Около ратуши я встретил Килинского, задумчивого, обеспокоенного, который крутил усы, поглядывая то на люд, то на ратушу. С одной стороны его тянули, чтобы успокоил народ, имея над ним преимущество и доверие у него, с другой стороны голос братьев говорил ему, словно его собственный голос. Не рад был и он давать волю предателям. Юта подбежала к нему, хватая его за руку. В эти минуты она имела больше самообладания, чем все.
– Пане Килинский, – воскликнула она, – поговорите и постарайтесь успокоить их. Ради Бога! На что это пригодилось!
Над предателями будет суд, ведь он назначен… а хотя бы его и не было, мы не имели бы в глазах людей того пятна, что наша земля предателей родит! Мы должны хвалиться и провозглашать, что столько их среди нас? Мы должны мстить за себя?
Килинский посмотрел на неё и покивал головой.
– А за кудель, любезная панна! – воскликнул он. – А за чулки! Будешь ещё учить разуму! Милая вещь! Что ты понимаешь в высшей политики… Тут, ваша милость, сук, сук… тут, на наших головах и плечах, милостивая панна, будущее… тут нужно знать: или сдержать, или отпустить… гм!
– Не учите честных людей жаждать крови! – воскликнула Юта. – Написано: «Не убий…»
– Тихо, а то ещё допросишься, что кто-нибудь примет тебя за москвичку, – сказал Килинский. – Вот и будет тебе, сударыня, не убий.
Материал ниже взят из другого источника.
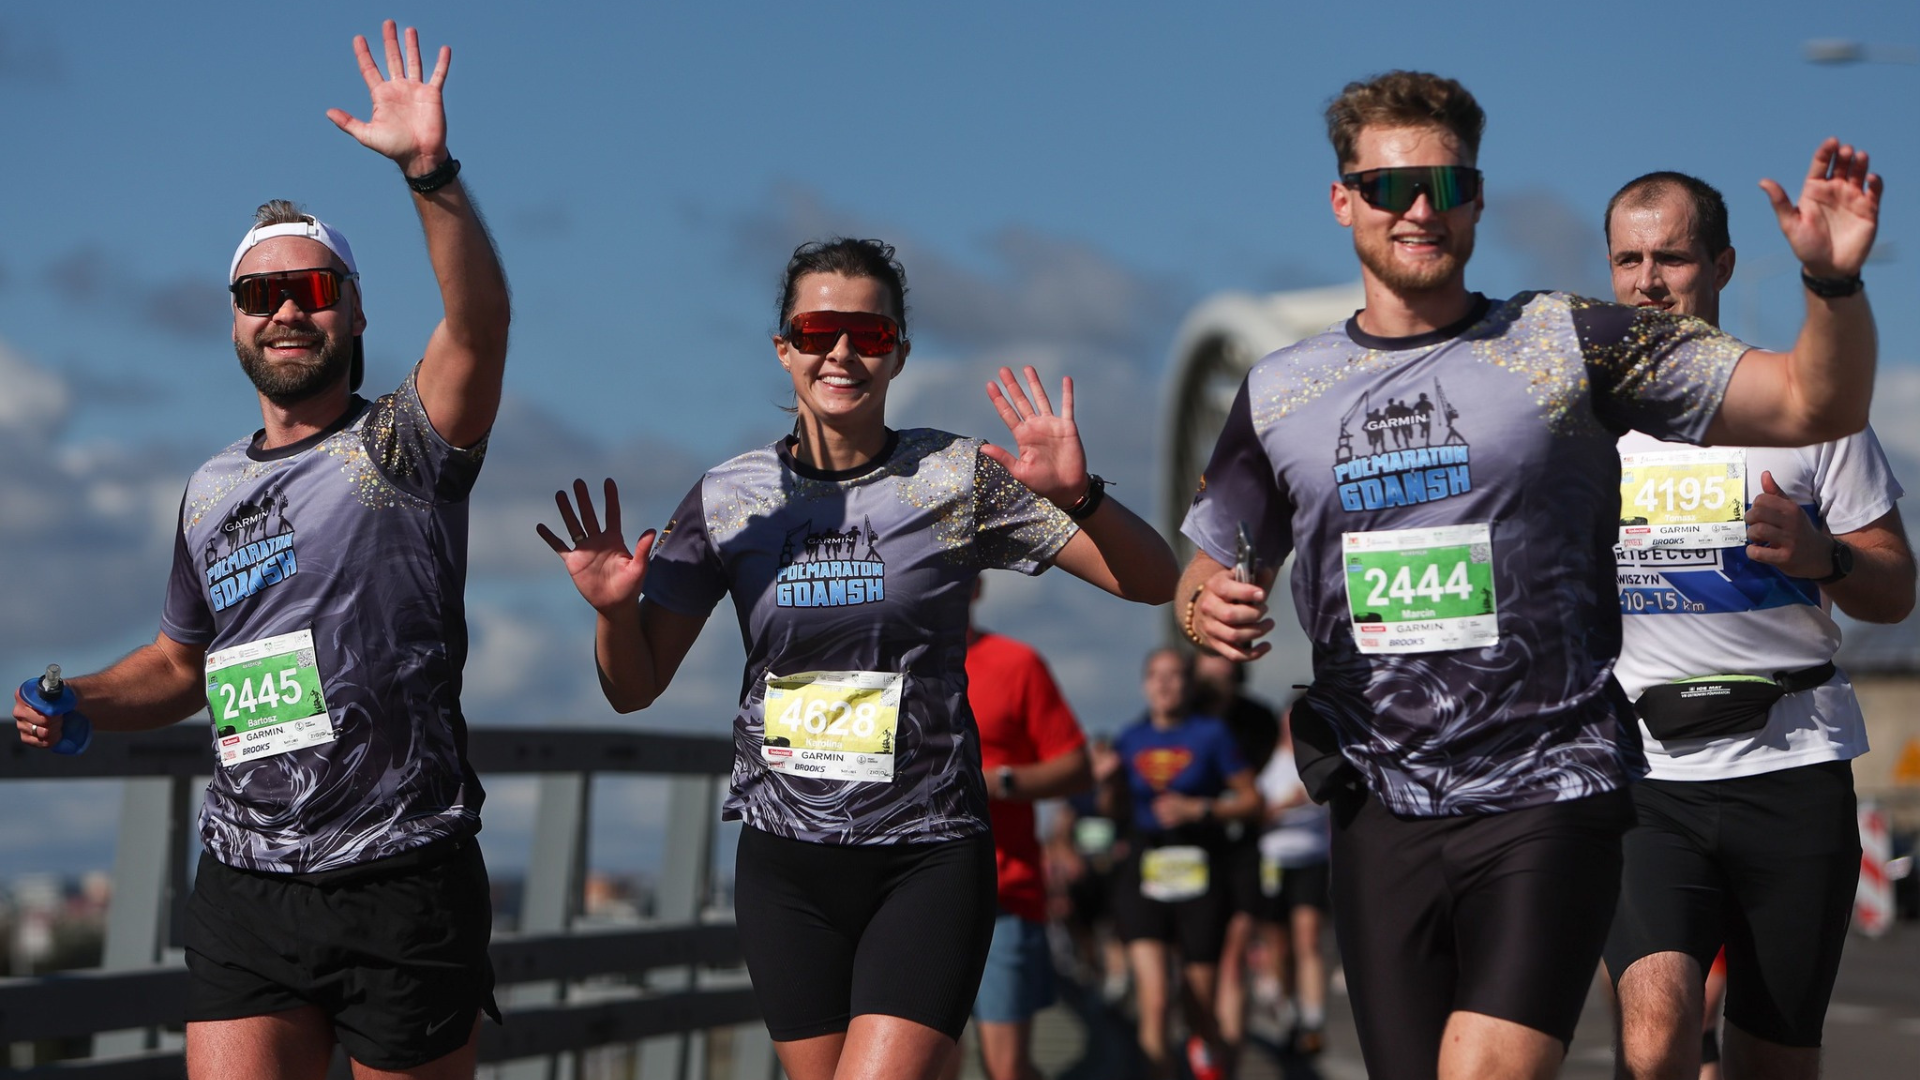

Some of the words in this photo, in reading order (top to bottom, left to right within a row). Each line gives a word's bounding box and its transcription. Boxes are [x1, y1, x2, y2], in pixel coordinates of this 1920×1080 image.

– Пусть судьи судят, не вы… и пусть палач, не вы, убивает! – прибавила Юта.
– Хорошо, хорошо! – рассмеялся Килинский. – Но иногда народ, сударыня, должен быть и судьёй, и палачом… нет на то рады… нужны примеры…
В эти минуты Юту и меня толпа отбила от Килинского. На бочке под ратушей стоял молодой человек, блондин, и охрипшим голосом начал взывать о справедливости и каре злоумышленникам. Слушали его с напряжением, только иногда прерывая его криками, а его речь снова так горячила толпу, что она начала пробиваться к ратуше.
На крыльцо с несколькими успокаивающими словами вышел Закревский, любимый народом, – но его тихую речь заглушили крики. Подтолкнули Килинского, который вовсе красноречивым не был, но слово из его уст шло прямо, понятно, доступно для всех сердец.
– Граждане свободной столицы! – восклицал он. – Послушайте меня – справедливость будете иметь, и это в самое короткое время, но вы нас выбрали, верьте же нам, спуститесь к нам… а сегодня идите спокойно по домам.
Он говорил долго и запинаясь, но уже под конец речи его начали заглушать. Плохой это был знак, когда любимого Килинского не хотели слушать. Юта стояла при мне, пожимая плечами.
– А вот тоже мысль, – проговорил она, – понаделать из них мучеников, чтобы позор на нас пал.
Признаюсь, что мне трудно тогда было её понять. Общее расположение было таким, что её речь даже для меня выдалась странной. Я приписывал её только более мягкому настрою, женскому…
Беспокойную женщину я проводил до дверей её дома, она подала мне руку, явно обескураженная и грустная.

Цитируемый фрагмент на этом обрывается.